The Court notes that despite plaintiffs failure to oppose defendant's cross-motion, defendant failed to submit a Statement of Material Facts in compliance with Section 202.8-g of the Uniform Civil Rules for the Supreme Court, as well as a certified word count for either the 46-page affirmation in opposition to plaintiffs motion or 37-page affirmation in support of the cross-motion, in compliance with 202.8-b of the Uniform Civil Rules for the Supreme Court.
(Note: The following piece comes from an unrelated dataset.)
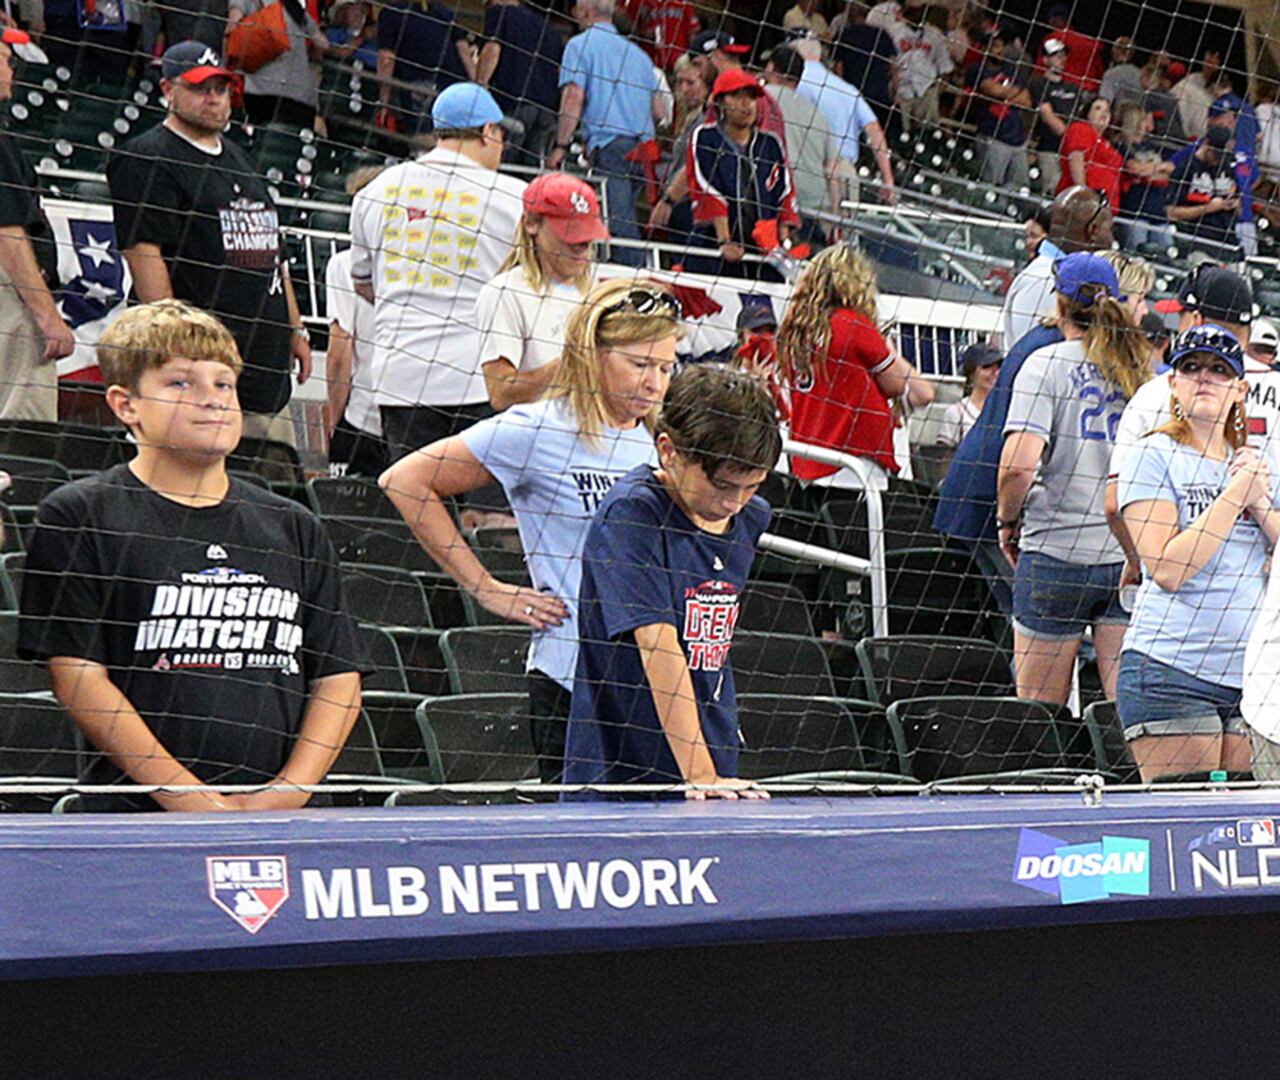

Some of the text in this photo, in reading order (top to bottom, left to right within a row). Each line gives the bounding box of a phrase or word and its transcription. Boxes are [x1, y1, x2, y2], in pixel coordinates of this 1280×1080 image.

Rather than penalize the defendant solely on a technicality, the Court addressed the underlying merits, finding that there are numerous triable issues of fact which warrant the denial of both the motion and cross-motion (see Zuckerman v. City of New York, 49 N.Y.2d 557 [1980]).
Accordingly, it is hereby:
ORDERED that the motion (No. 002) by plaintiff LIBBY MOSES for summary judgment on the issue of liability and that portion of the motion seeking dismissal of the affirmative defense of comparative negligence is denied; and it is further
ORDERED that the cross-motion (No. 003) by defendant LAURA JOUDAI for summary judgment dismissing the complaint is denied.
This constitutes the decision and order of the Court.